= YOUR GOAL =
Leave out each picture. Repeat everything else in the records exactly.

= DATA SUPPLIED =
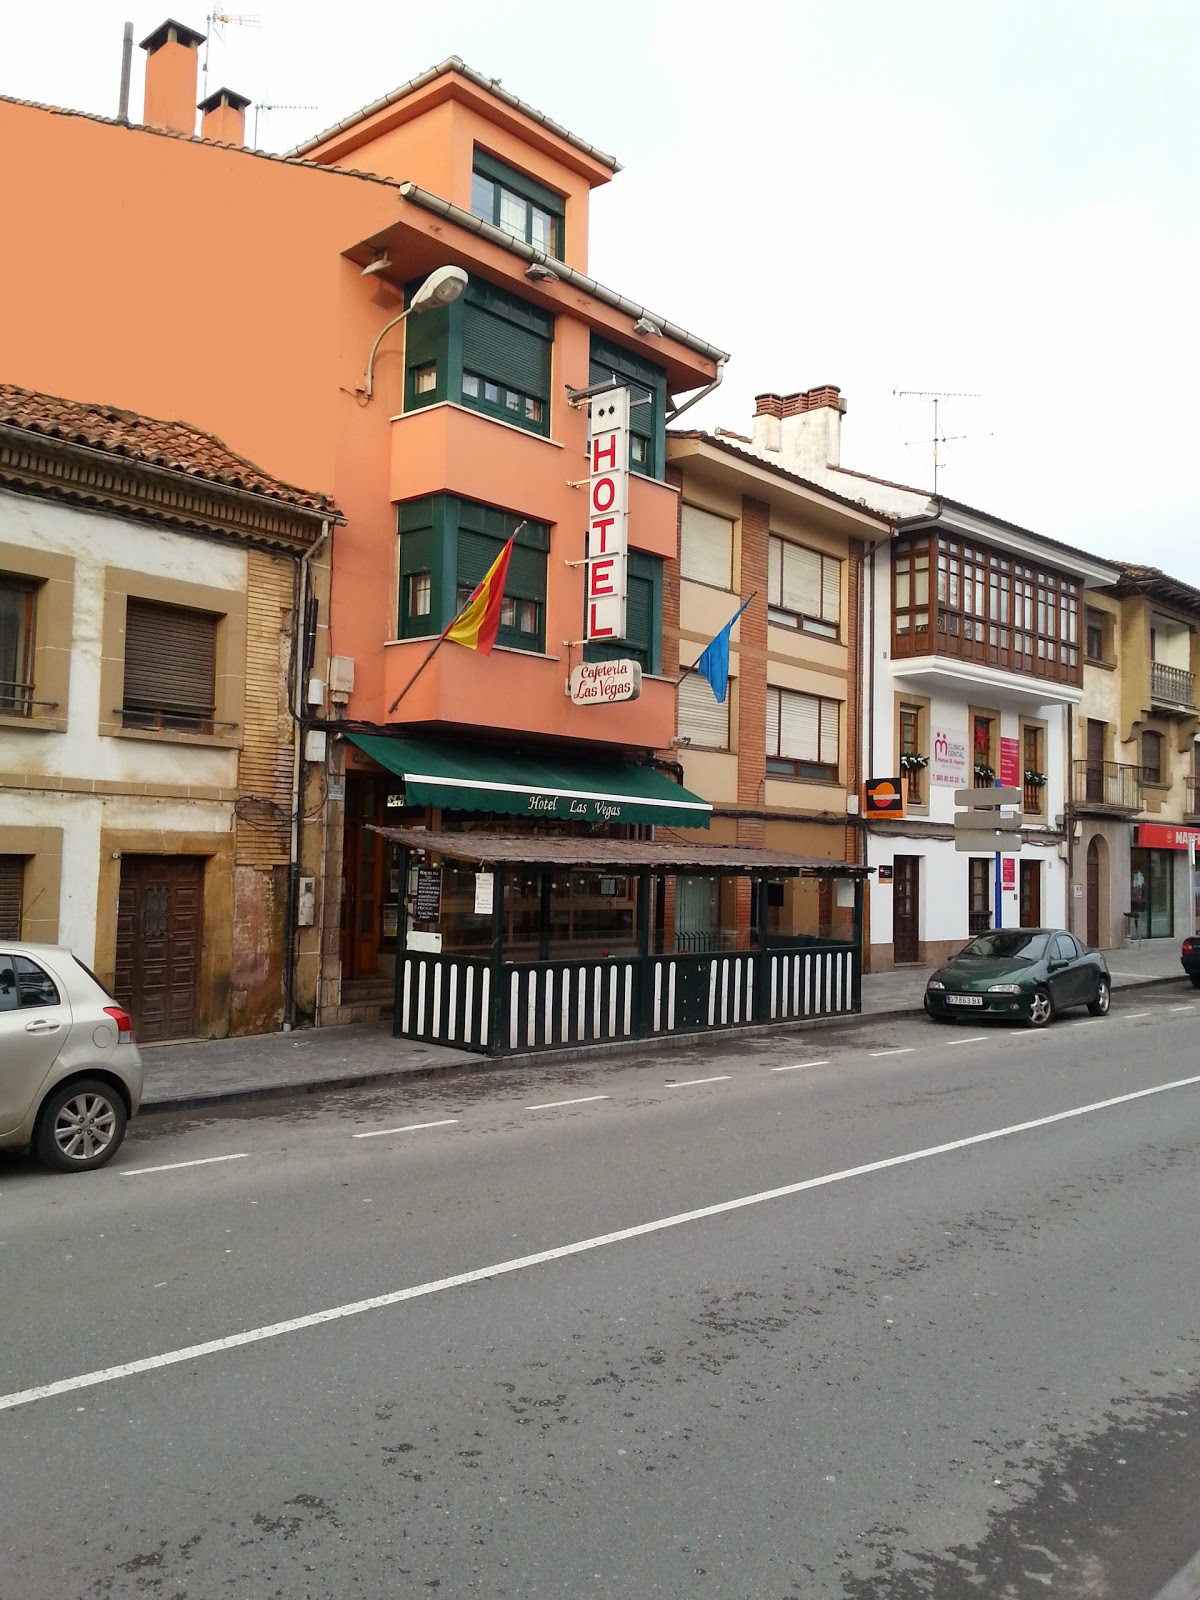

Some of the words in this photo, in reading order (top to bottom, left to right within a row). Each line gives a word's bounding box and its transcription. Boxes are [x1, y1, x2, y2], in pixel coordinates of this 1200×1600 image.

[591, 435, 616, 637] HOTEL
[581, 664, 627, 683] Cafeteria
[574, 680, 597, 698] Las
[600, 676, 630, 700] Vegas
[948, 750, 964, 758] DENTAL
[528, 796, 558, 810] Hotel
[569, 800, 587, 813] Las
[594, 801, 621, 819] Vegas
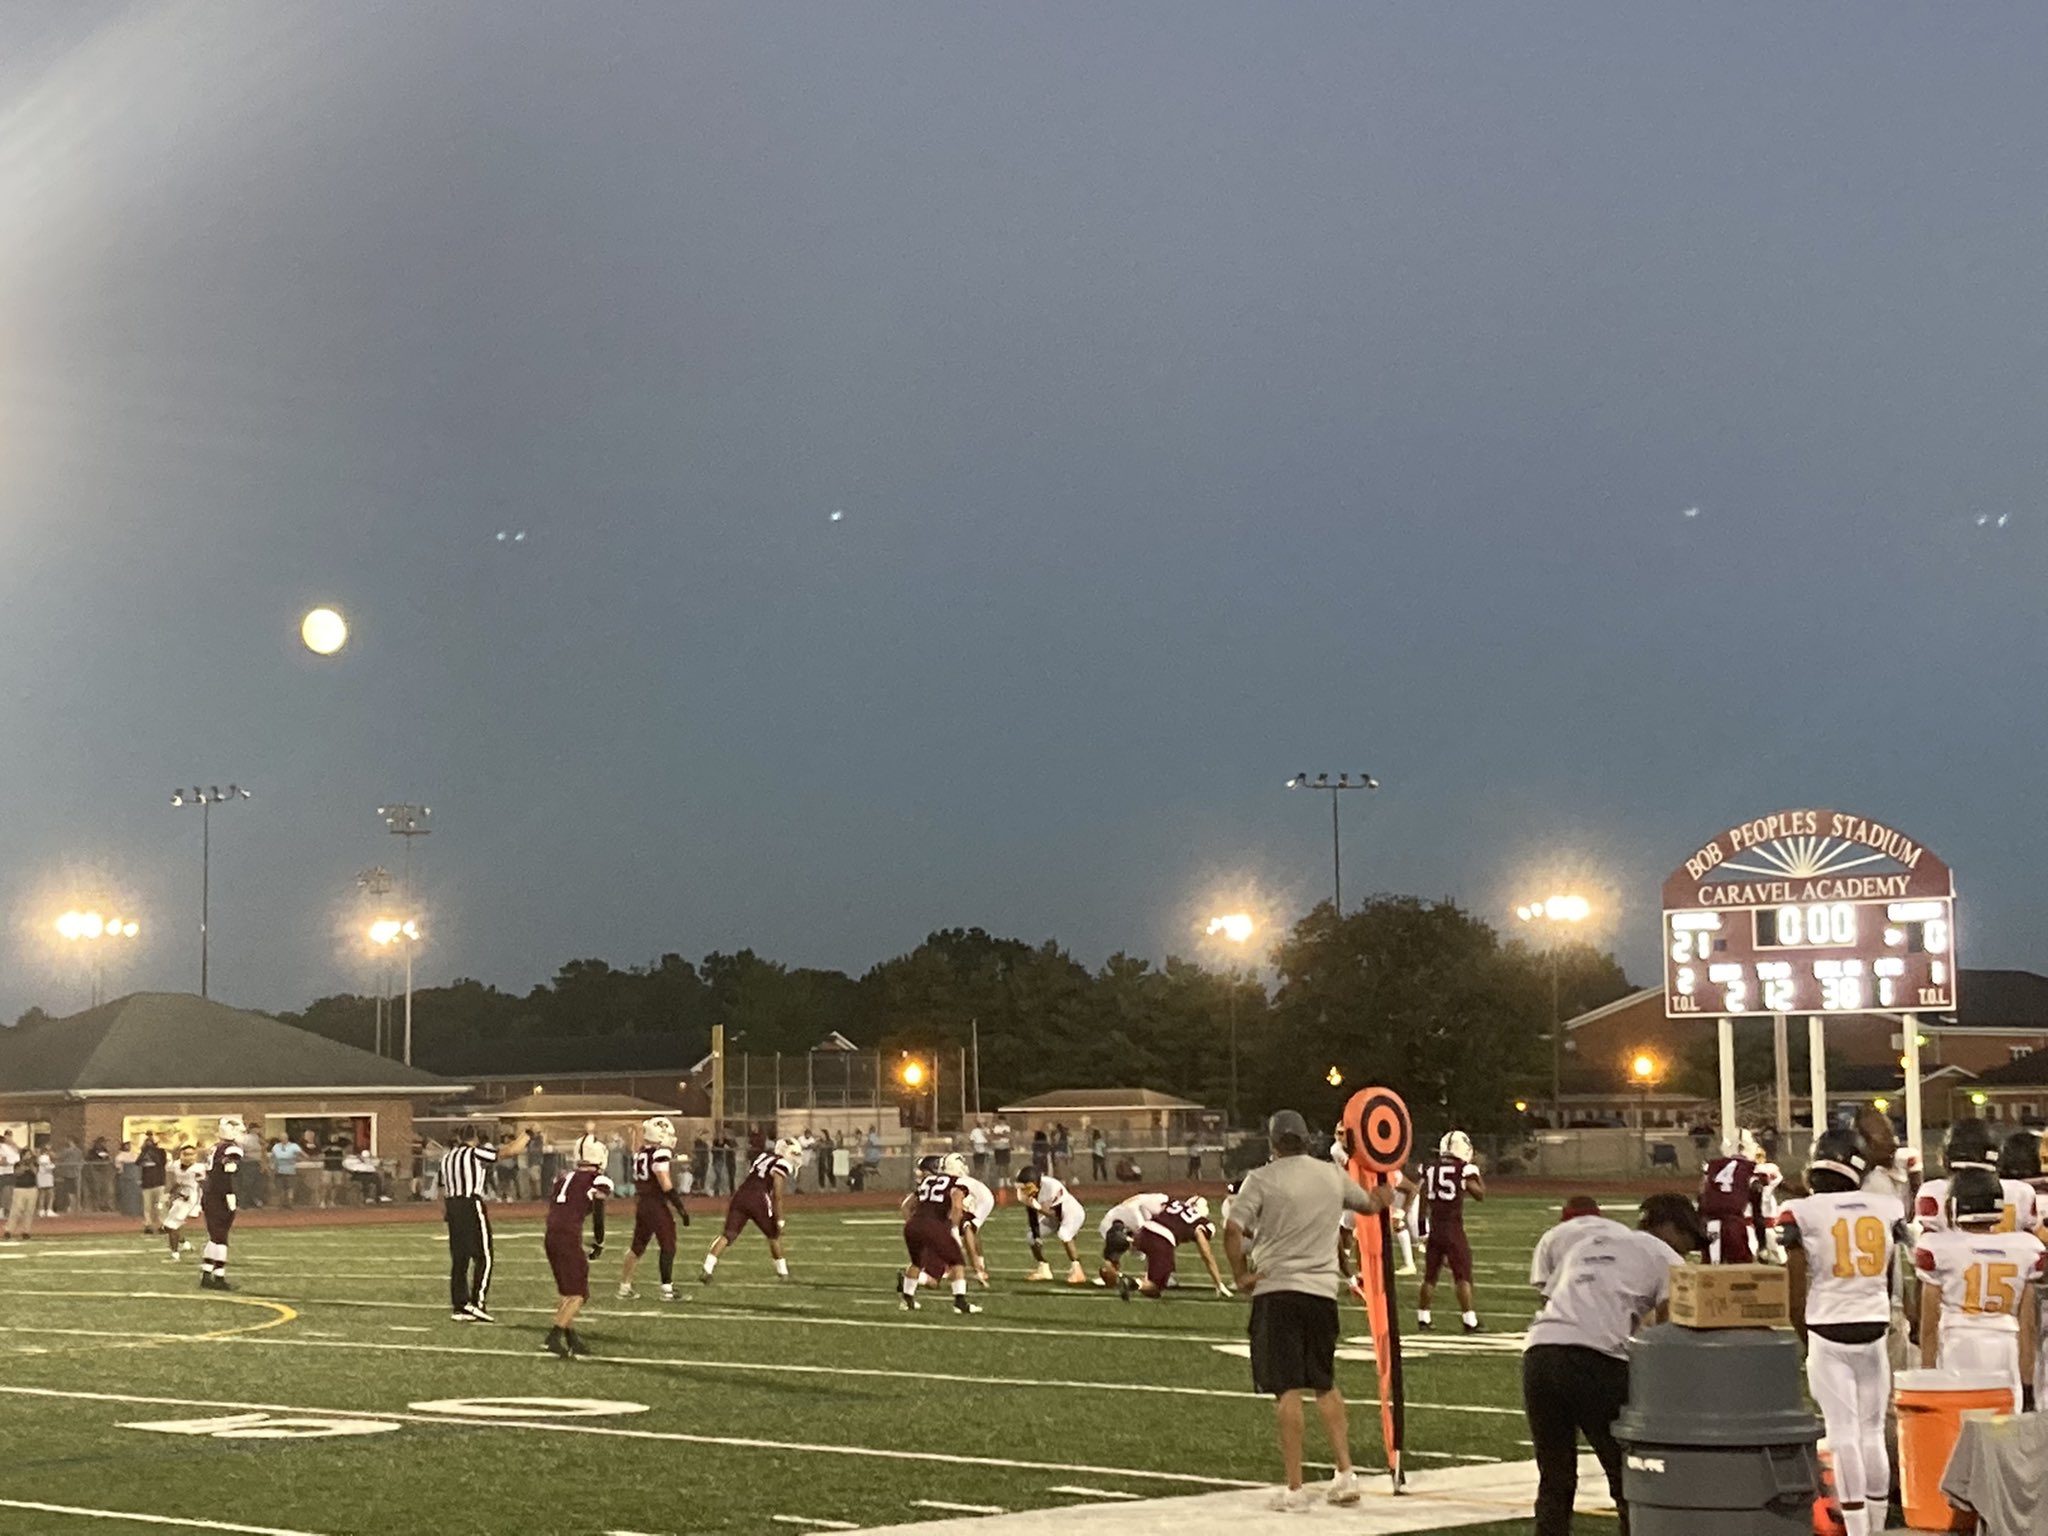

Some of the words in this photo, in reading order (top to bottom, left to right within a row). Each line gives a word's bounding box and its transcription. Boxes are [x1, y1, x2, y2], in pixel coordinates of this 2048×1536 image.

[1685, 841, 1723, 880] BOB
[1729, 811, 1817, 852] PEOPLES
[1832, 813, 1923, 869] STADIUM
[1698, 882, 1798, 906] CARAVEL
[1801, 876, 1911, 899] ACADEMY
[918, 1175, 951, 1203] 52
[1427, 1165, 1456, 1201] 15
[1715, 1160, 1738, 1193] 4
[1831, 1216, 1886, 1279] 19
[1963, 1263, 2018, 1314] 15

= WRITTEN SOLUTION =
Some of the words in this photo, in reading order (top to bottom, left to right within a row). Each line gives a word's bounding box and its transcription. Boxes are [x1, y1, x2, y2], in pixel coordinates of this 1200×1600 image.

[591, 435, 616, 637] HOTEL
[581, 664, 627, 683] Cafeteria
[574, 680, 597, 698] Las
[600, 676, 630, 700] Vegas
[948, 750, 964, 758] DENTAL
[528, 796, 558, 810] Hotel
[569, 800, 587, 813] Las
[594, 801, 621, 819] Vegas

Some of the words in this photo, in reading order (top to bottom, left to right within a row). Each line gives a word's bounding box and its transcription. Boxes are [x1, y1, x2, y2], in pixel coordinates of this 2048×1536 image.

[1685, 841, 1723, 880] BOB
[1729, 811, 1817, 852] PEOPLES
[1832, 813, 1923, 869] STADIUM
[1698, 882, 1798, 906] CARAVEL
[1801, 876, 1911, 899] ACADEMY
[918, 1175, 951, 1203] 52
[1427, 1165, 1456, 1201] 15
[1715, 1160, 1738, 1193] 4
[1831, 1216, 1886, 1279] 19
[1963, 1263, 2018, 1314] 15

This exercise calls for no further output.